O Sindicato dos Trabalhadores do Grupo Portugal Telecom congratulou-se hoje com a forma «respeitosa» como a Altice recebeu os representantes dos funcionários, embora não haja abertura da empresa para assumir um compromisso que garanta os direitos adquiridos.

«De uma forma genérica, estamos satisfeitos porque há, de facto, esta vontade de compromisso, de diálogo, de continuidade de negociação, de respeito pelo acordo coletivo de trabalho e pelos direitos com os sindicatos», disse o presidente do sindicato, Jorge Félix.

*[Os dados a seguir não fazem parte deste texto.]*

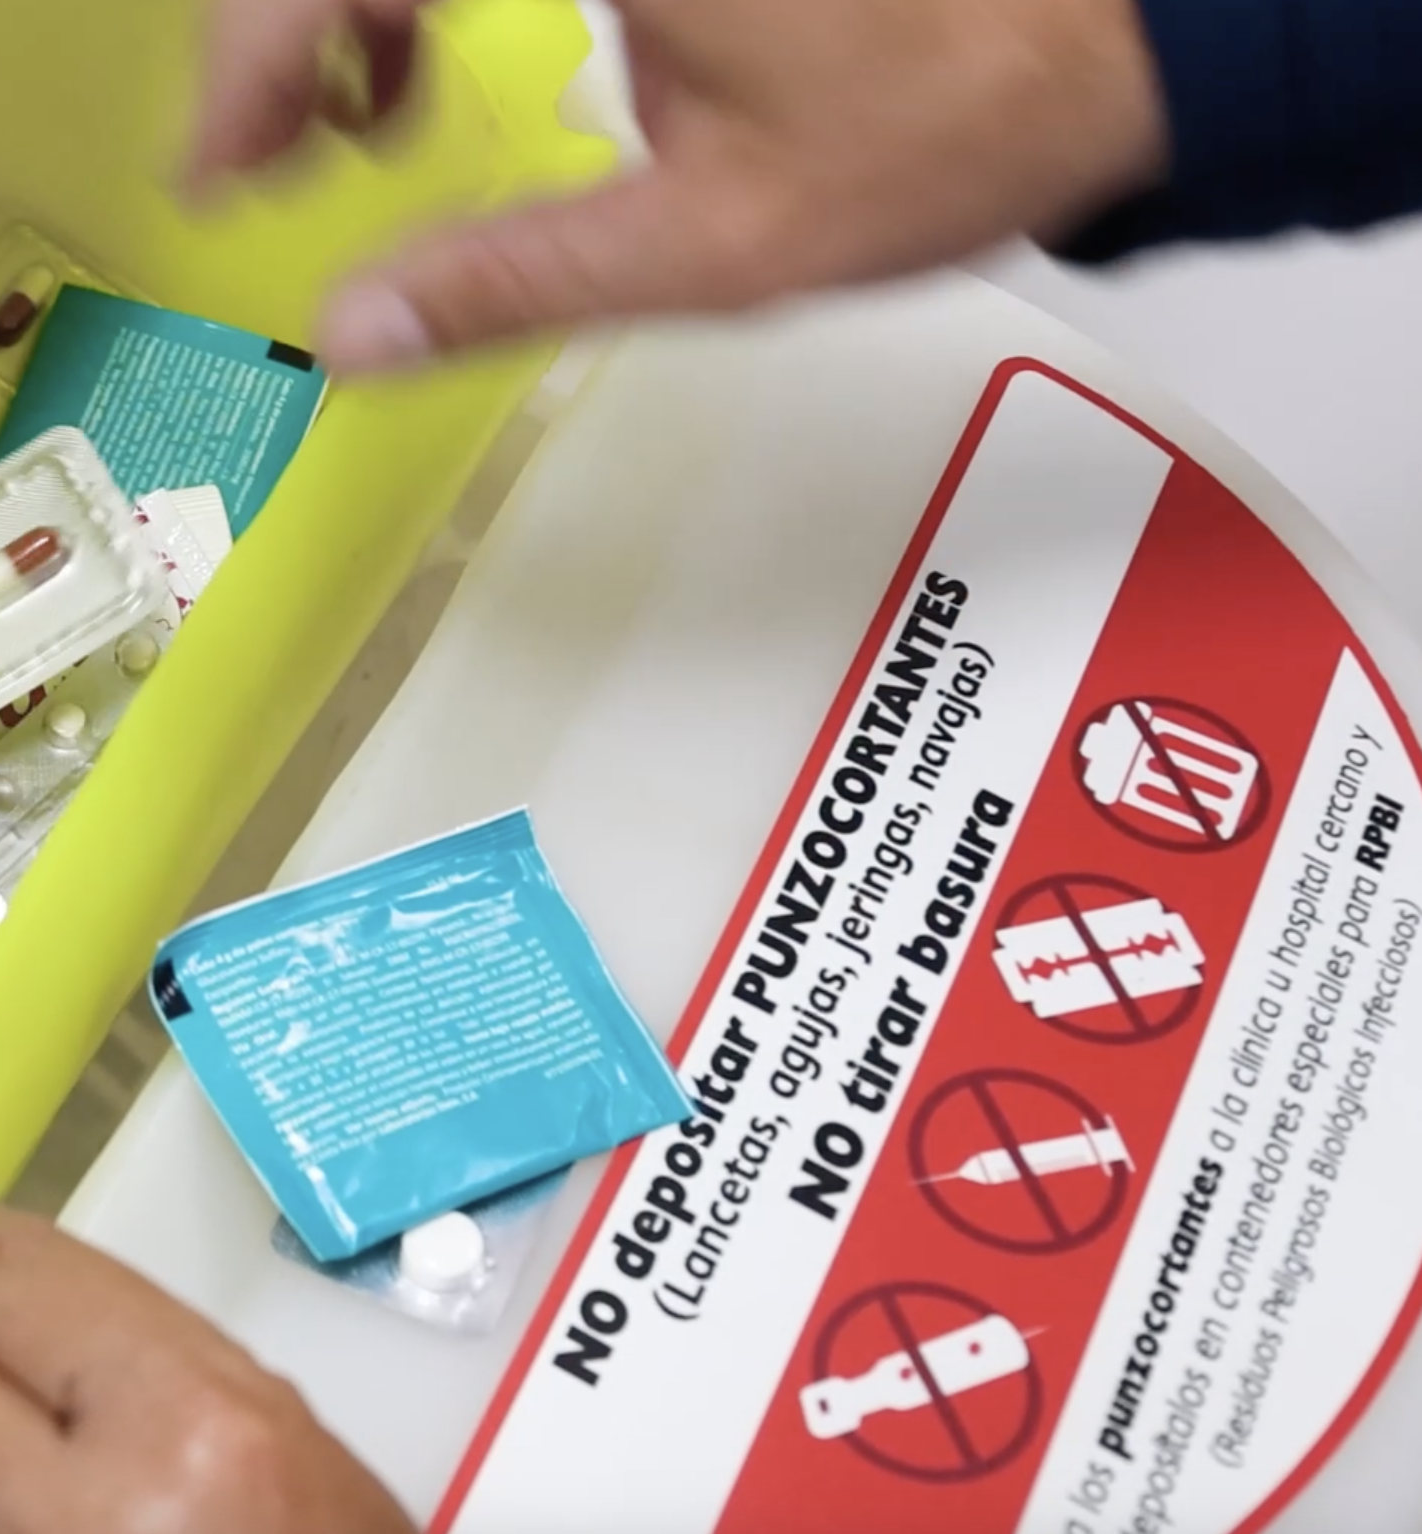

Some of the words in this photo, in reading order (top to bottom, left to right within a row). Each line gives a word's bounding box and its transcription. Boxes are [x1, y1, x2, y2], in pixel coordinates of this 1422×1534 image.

[1351, 724, 1383, 751] y
[1315, 747, 1369, 853] cercano
[1353, 792, 1405, 873] RPBI
[1268, 852, 1331, 967] hospital
[1337, 874, 1379, 947] para
[552, 1289, 629, 1387] NO
[613, 1016, 758, 1281] depositar
[731, 570, 970, 1015] PUNZOCORTANTES
[653, 1115, 789, 1321] (Lancetas,
[769, 966, 857, 1099] agujas,
[825, 802, 932, 965] jeringas,
[908, 641, 995, 791] navajas)
[788, 1121, 865, 1221] NO
[840, 975, 927, 1114] tirar
[896, 788, 1017, 975] basura
[1266, 970, 1292, 992] u
[1287, 945, 1355, 1094] especiales
[1231, 996, 1283, 1088] clínica
[1210, 1129, 1236, 1153] a
[1213, 1093, 1248, 1124] la
[1209, 1327, 1283, 1468] (Residuos
[1259, 1184, 1331, 1323] Peligrosos
[1307, 1046, 1376, 1182] Biológicos
[1354, 898, 1422, 1044] Infecciosos)
[1212, 1098, 1304, 1311] contenedores
[1097, 1157, 1224, 1461] punzocortantes
[1194, 1317, 1227, 1361] en
[1079, 1461, 1116, 1501] los

O sindicalista, que falava aos jornalistas no final de uma reunião com representantes da Altice, lamentou o facto de a multinacional francesa não querer assinar um acordo que garanta a manutenção dos direitos adquiridos dos trabalhadores da Portugal Telecom, conforme pretendiam os sindicatos.

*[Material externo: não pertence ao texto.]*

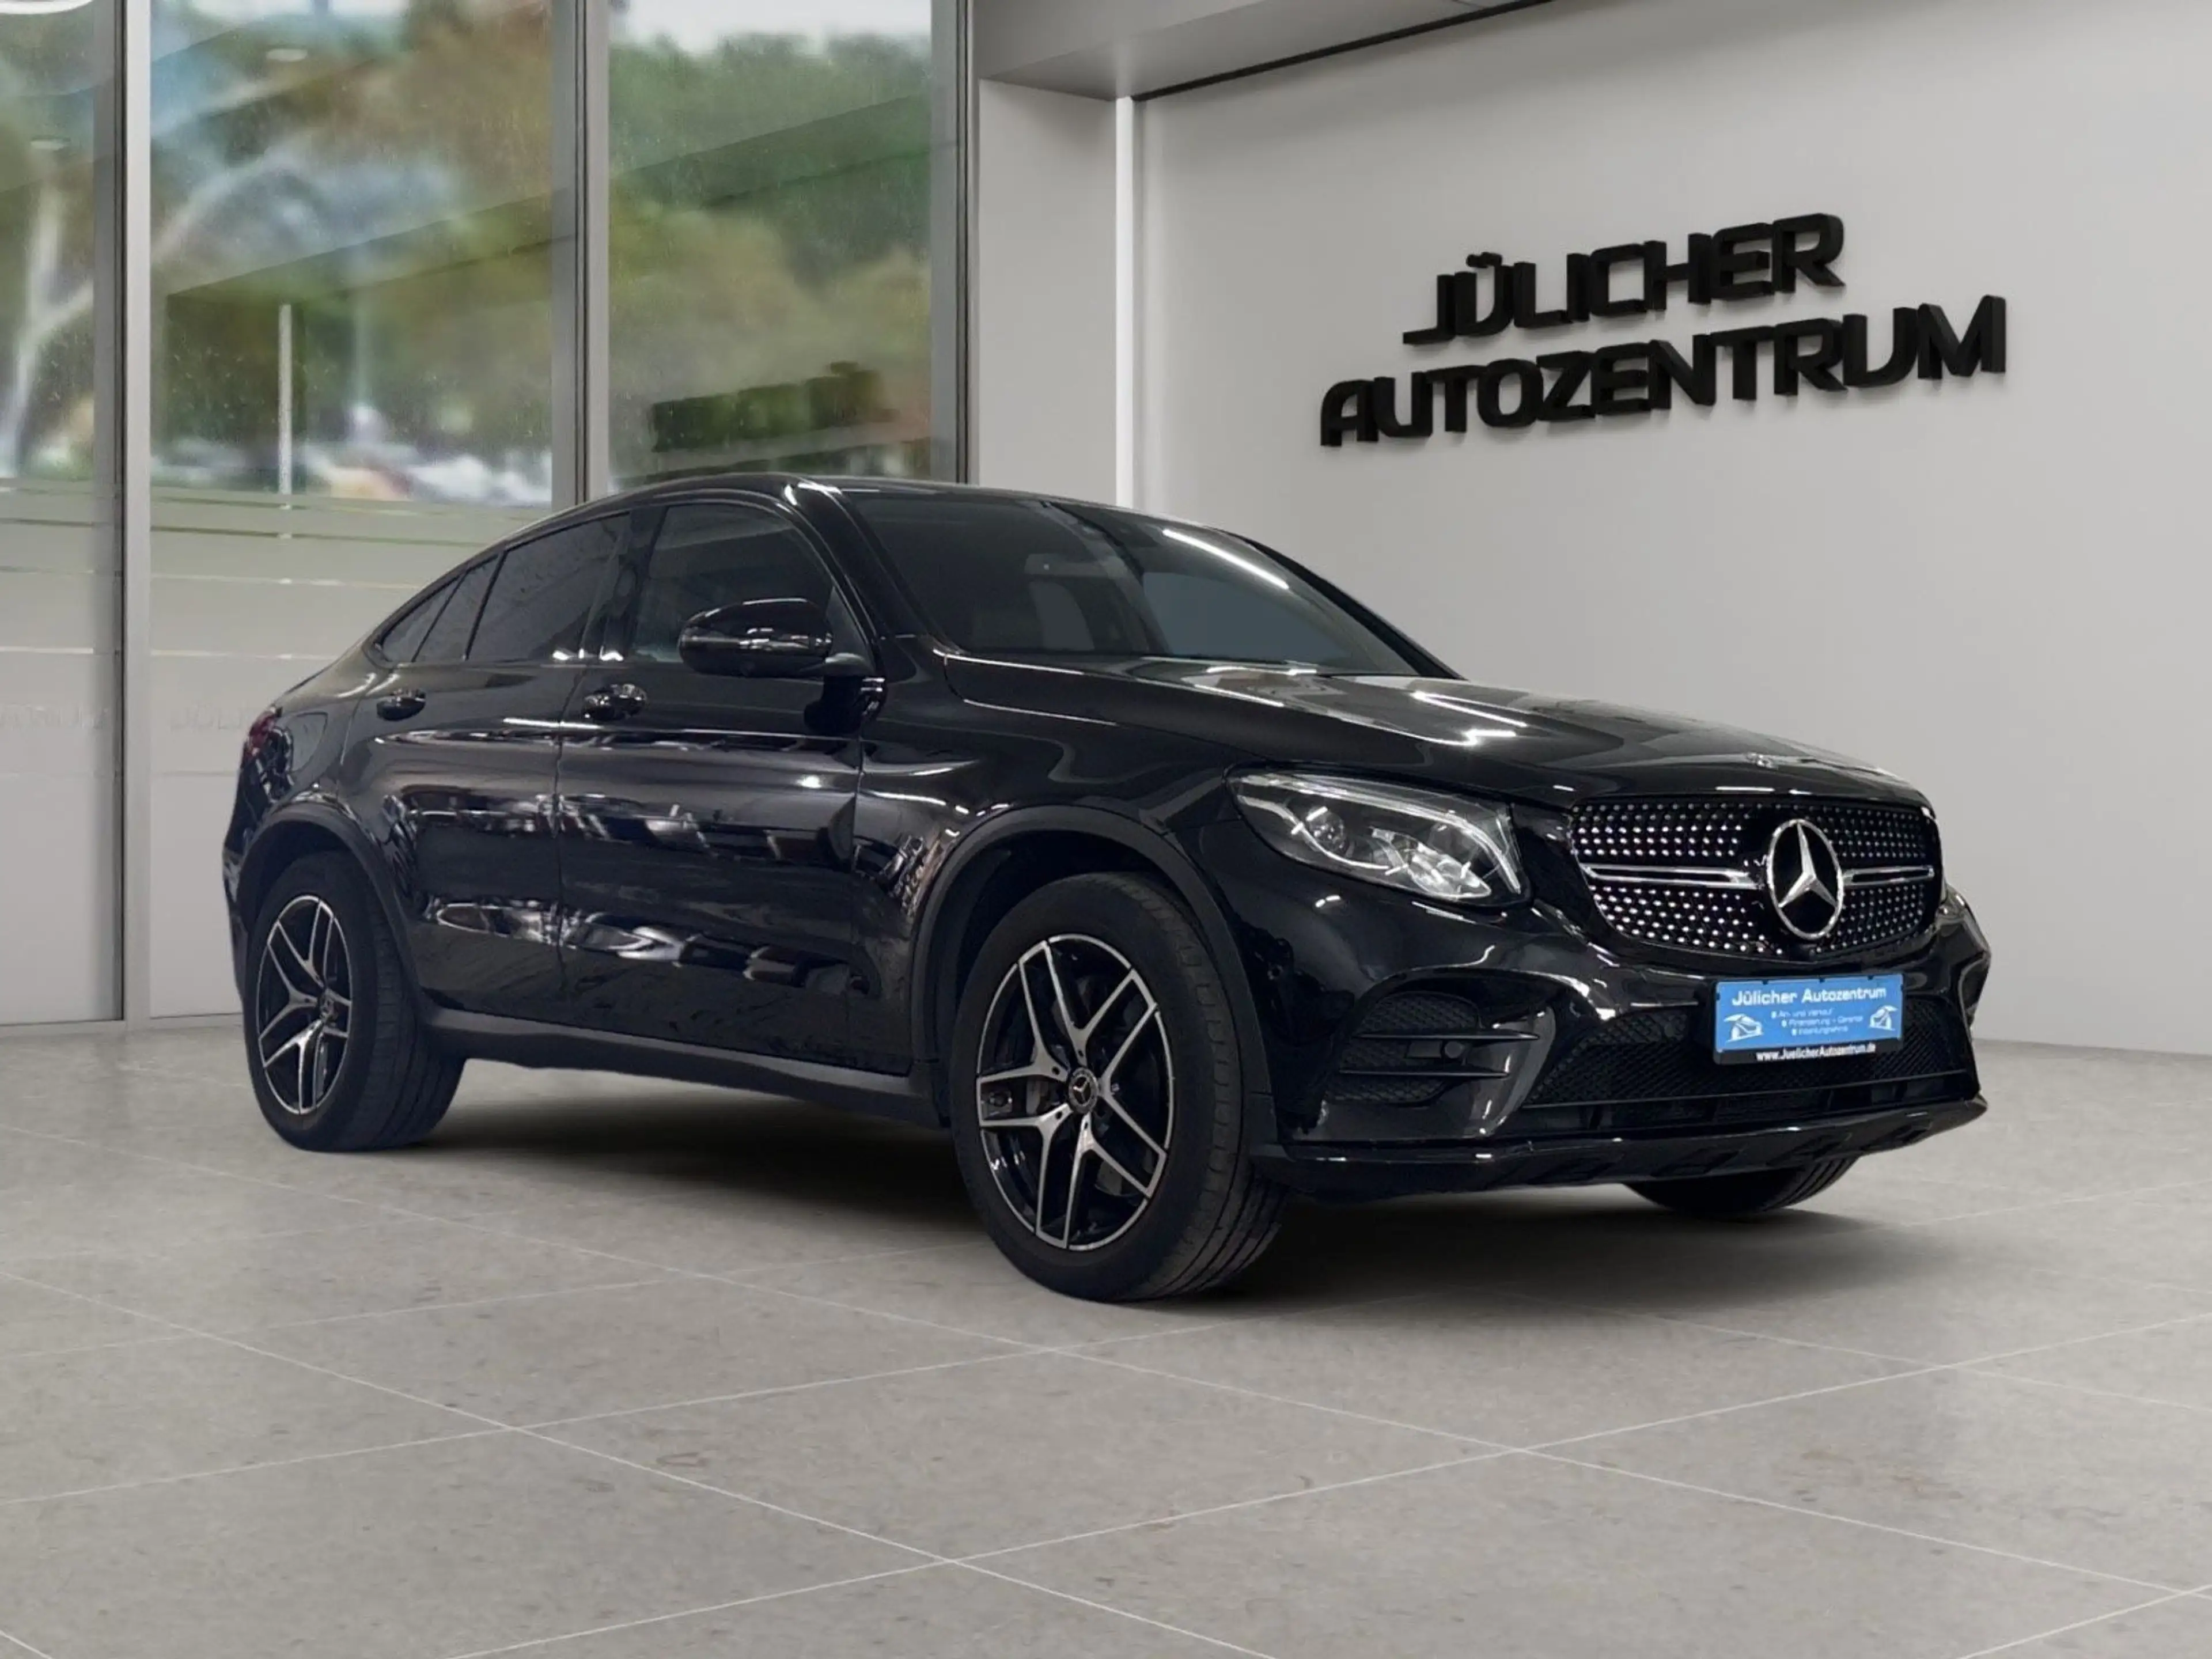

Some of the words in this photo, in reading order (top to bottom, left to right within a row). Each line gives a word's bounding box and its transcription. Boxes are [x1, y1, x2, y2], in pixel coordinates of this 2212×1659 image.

[1402, 213, 1845, 347] JÜLICHER
[1320, 295, 2006, 448] AUTOZENTRUM
[1732, 990, 1797, 1006] Jülicher
[1801, 987, 1887, 1003] Autozentrum

«Não nos parece que a Altice esteja virada para esse tipo de compromisso ou de obrigações entre as partes. Não fechou totalmente a porta, mas não nos parece que haja um grande interesse», disse Jorge Félix.

Embora não haja «essa disponibilidade» da parte da Altice, o presidente do sindicato destacou como positivo o facto de os representantes da empresa francesa se ter comprometido a manter o diálogo com os sindicatos no âmbito da reestruturação da empresa.

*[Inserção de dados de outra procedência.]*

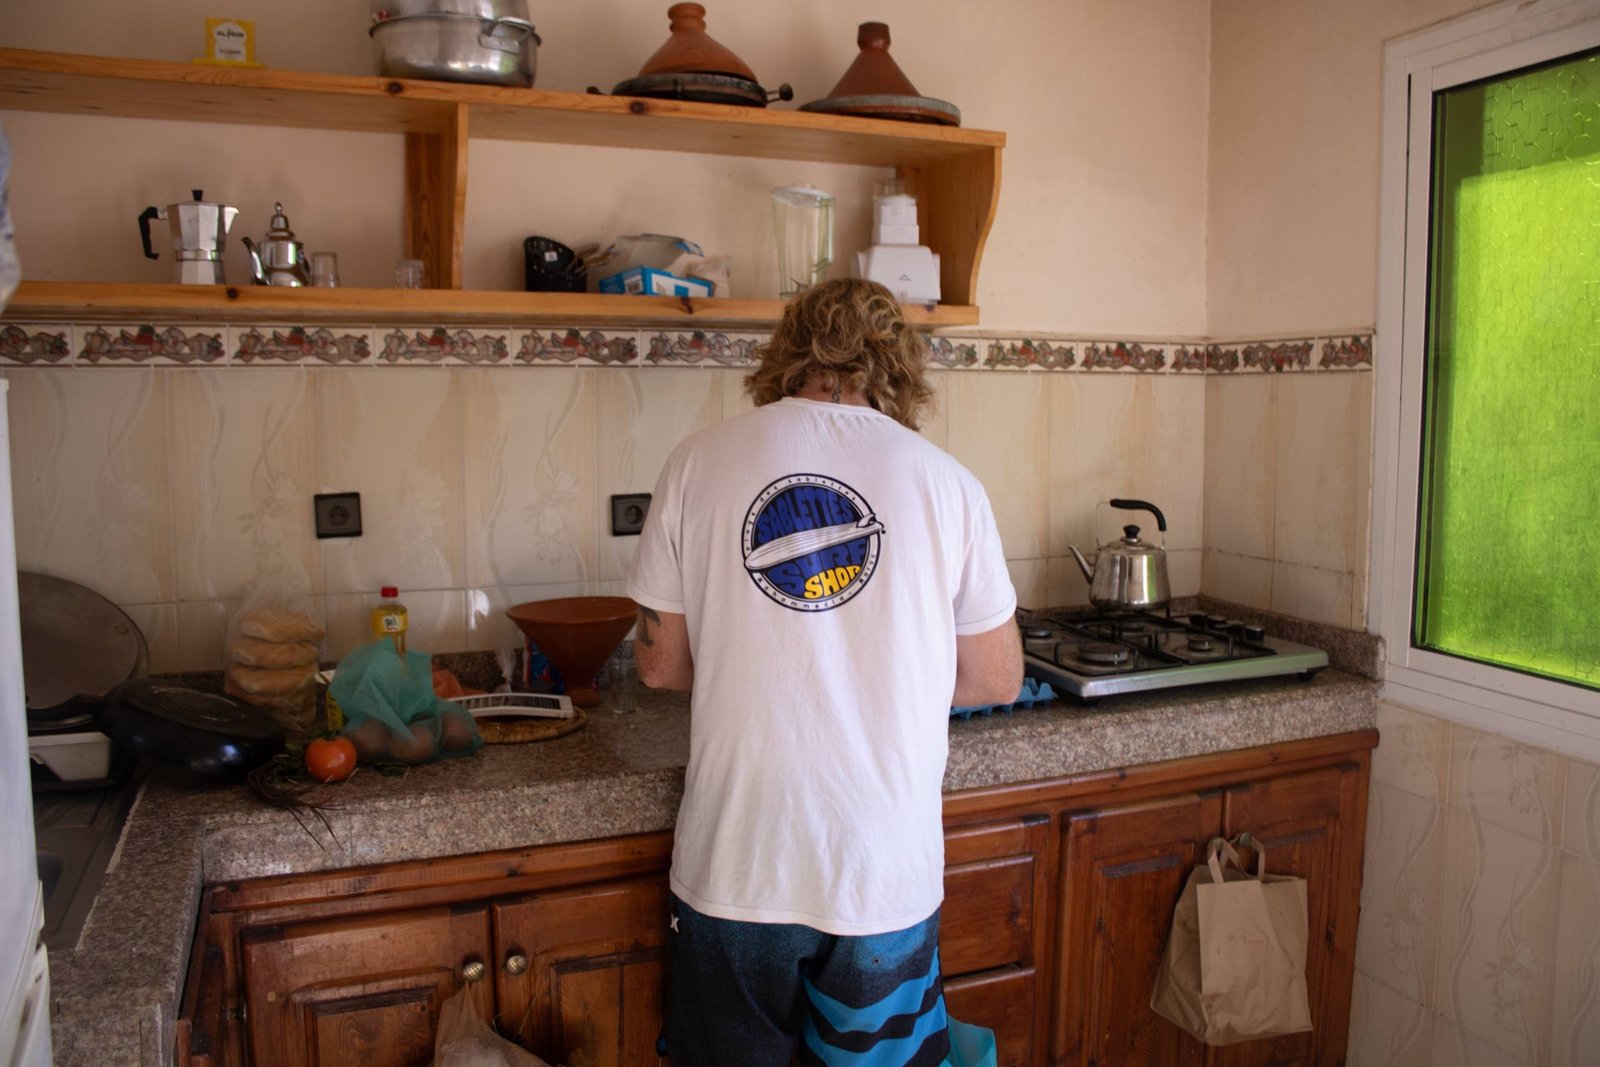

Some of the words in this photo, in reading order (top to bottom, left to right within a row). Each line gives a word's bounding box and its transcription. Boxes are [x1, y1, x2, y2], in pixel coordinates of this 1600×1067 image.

[757, 486, 854, 544] SABLETTES
[768, 538, 867, 598] SURF
[803, 565, 861, 600] SHOP

Na passada terça-feira, em Paris, o cofundador português da Altice afirmou que a sua empresa poderá vender a Cabovisão, para garantir que a Autoridade da Concorrência possa viabilizar o negócio da compra da PT Portugal.

Armando Pereira falava aos jornalistas em Paris, à entrada para um pequeno-almoço de trabalho com o Presidente da República portuguesa, Aníbal Cavaco Silva, que se encontrava de visita à capital francesa.

O grupo Altice vai comprar a PT Portugal, que tem os serviços "Meo"' e "Sapo", entre outros, por 7.400 milhões de euros, depois de os acionistas da PT SGPS terem aprovado o negócio, em janeiro passado.

A compra da PT Portugal, que foi aprovada em assembleia de acionistas a 22 de janeiro passado, irá provocar algumas mudanças na estrutura da administração, de acordo com Armando Pereira, que garantiu que os postos de trabalho «não estão em perigo», podendo apenas existir mudanças na gestão.